Rather, it is the process of having a systematic approach to quality improvement and applying this consistently that is important (). While there are many different approaches to quality improvement, there are some key principles that are common to all. These include: • training staff in the nature of systems • using data to understand variation • giving all staff the opportunity to contribute and act on ideas for improvement • using many small-scale trials and tests as a way to learn and improve • ensuring a continuous focus on the needs and experiences of the people served by the system (). Many NHS organisations have started to use quality improvement techniques in discrete projects.

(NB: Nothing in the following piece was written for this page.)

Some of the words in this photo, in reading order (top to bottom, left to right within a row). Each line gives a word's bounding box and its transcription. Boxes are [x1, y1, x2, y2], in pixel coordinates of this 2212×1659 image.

A smaller but growing number have developed more systematic, organisation-wide programmes to ensure that continuous improvement happens at scale (). Opportunities to improve value Quality and finance are closely related through the many opportunities that exist to deliver better outcomes at lower cost (improving value). The NHS, like all other health care systems across the world, sometimes fails to deliver high-quality care. This can lead to poor outcomes for patients and wasted resources for the NHS.
Evidence tells us that there are a range of opportunities to improve value in the NHS (). There are wide variations in how care is delivered across the NHS. Including in primary care practices, diagnostic tests, rates of hospital referrals and procedures, and access to services (). These variations are too wide to be explained by differences in people’s health needs and patients’ preferences.

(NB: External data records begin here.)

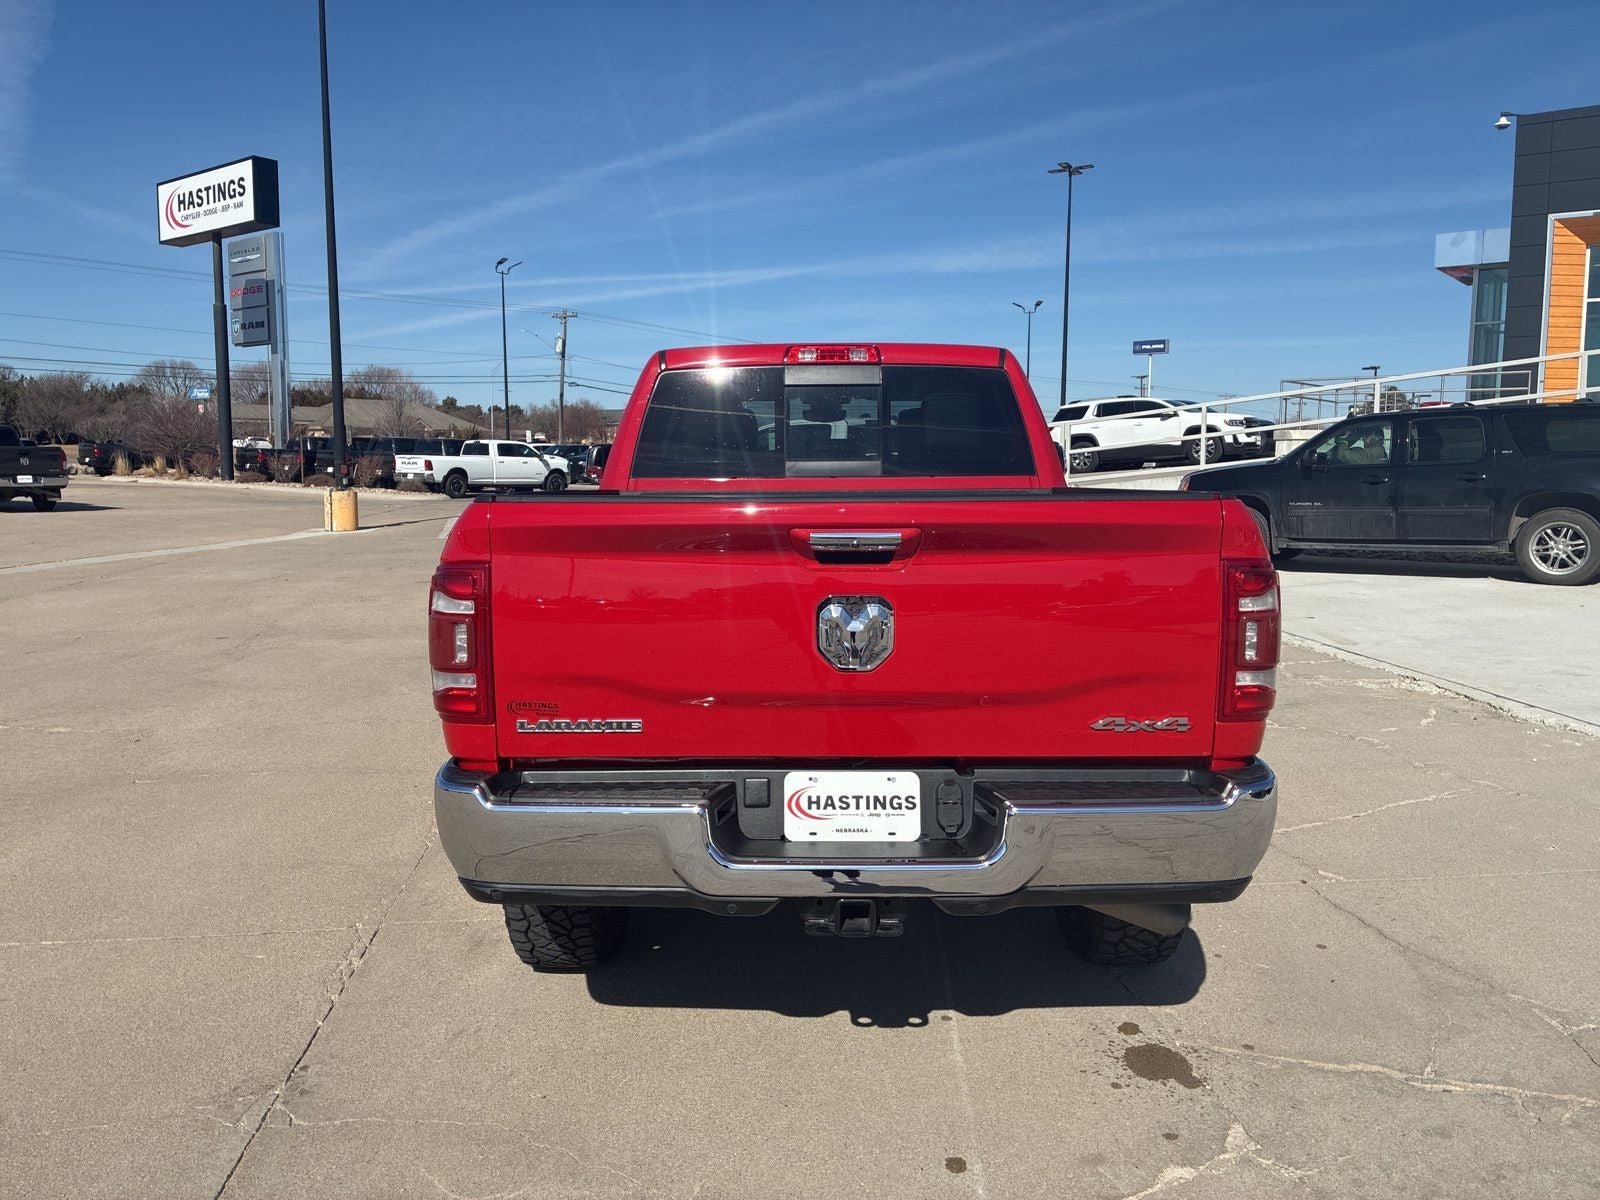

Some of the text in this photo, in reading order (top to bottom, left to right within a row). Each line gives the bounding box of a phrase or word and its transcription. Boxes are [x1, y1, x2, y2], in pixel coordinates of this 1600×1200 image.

[177, 176, 247, 213] HASTINGS
[180, 200, 244, 223] CHRYSLER DODGE JEEP RAM
[230, 285, 263, 297] DODGE
[240, 320, 265, 331] RAM
[515, 701, 560, 709] HASTINGS
[516, 719, 643, 733] LARAMIE
[1089, 716, 1193, 733] 4x4
[807, 795, 917, 811] HASTINGS

In other words, they are both unwarranted and avoidable, and represent inappropriate care being delivered to patients. The Getting It Right First Time (GIRFT) programme aims to bring about higher-quality care in hospitals, at lower cost, by reducing unwanted variations in services and practices. It uses national data to identify variation, shares that data with the local staff involved in running and delivering the services (including clinicians, clinical and medical directors, managers and chief executives) and monitors the changes that are implemented. The programme began with orthopaedics and is now being rolled out to 32 different surgical and medical specialisms across the NHS in England. Early evidence suggests that the programme is identifying significant opportunities to improve value, through changes to procurement practices, productivity and quality. In January 2016, 71 of the 142 orthopaedic units in England identified combined savings of between £20 million and £30 million after an initial GIRFT visit, with an additional £15 million to £20 million forecast for the next 12 months (). There are examples of overuse, where care is delivered even though the potential for harm outweighs the benefits. Download Android Studio.

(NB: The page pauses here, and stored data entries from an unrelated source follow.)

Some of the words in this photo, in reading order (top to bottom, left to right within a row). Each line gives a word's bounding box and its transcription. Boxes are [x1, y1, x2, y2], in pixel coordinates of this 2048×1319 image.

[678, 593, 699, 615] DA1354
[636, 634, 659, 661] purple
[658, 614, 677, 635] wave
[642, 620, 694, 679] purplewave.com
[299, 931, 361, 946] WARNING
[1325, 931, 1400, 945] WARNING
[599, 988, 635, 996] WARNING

Overuse is bad for people receiving care because they get services that might cause them harm, or at least waste their time or cause unnecessary stress and anxiety. It also creates an opportunity cost for the NHS, as resources are diverted from more effective care. Examples of overuse can be found across the NHS – including the overuse of some acute hospital services, overdiagnosis and overuse of diagnostic tests, and overprescribing of drugs. One example is the overprescribing of antibiotics for people with coughs, colds and sore throats. Estimates suggest that around £3.7 million could be saved each year through more appropriate antibiotic prescribing (). There are examples of underuse, where effective care is not delivered when it is needed. Underuse can lead to people needing more complex care as their condition gets worse – for example if they end up in hospital because their condition isn’t managed properly.
One example of underuse is care for people with diabetes. Around 22,000 people in England die from potentially avoidable diabetes-related causes every year (). Data for 2015/16 shows that around 63.5 per cent of people with type 1 diabetes and 46.3 per cent of people with type 2 diabetes did not receive all nine care processes that could reduce complications related to their condition (). There are examples of misuse, where care is poorly delivered, resulting in preventable harm to patients.
The overall scale of harm in the NHS is not clear, but evidence suggests that preventable harm happens both inside and outside of hospitals in the NHS (). It is important to recognise, however, that most errors happen as a result of the systems people work in, not the people who work in them.
In other words, it is not a ‘bad apple problem’ (). One example is medication errors. Estimates suggest that there are around 50 million prescribing errors in the community, 45,000 prescribing errors in an average acute hospital () and 2,500 potentially preventable deaths in hospitals in England related to medication each year (; Hogan et al 2012). There are examples of waste, delay and duplication in organisational and clinical processes.
Identifying and removing steps that do not add value for the patient, or delay their access to care on return home, can help to improve patient outcomes and experience while freeing up clinical time (; ). Examples include delays in admitting or discharging patients needing acute care due to a failure to enable timely access to clinical decision-makers, diagnostic tests or medicines.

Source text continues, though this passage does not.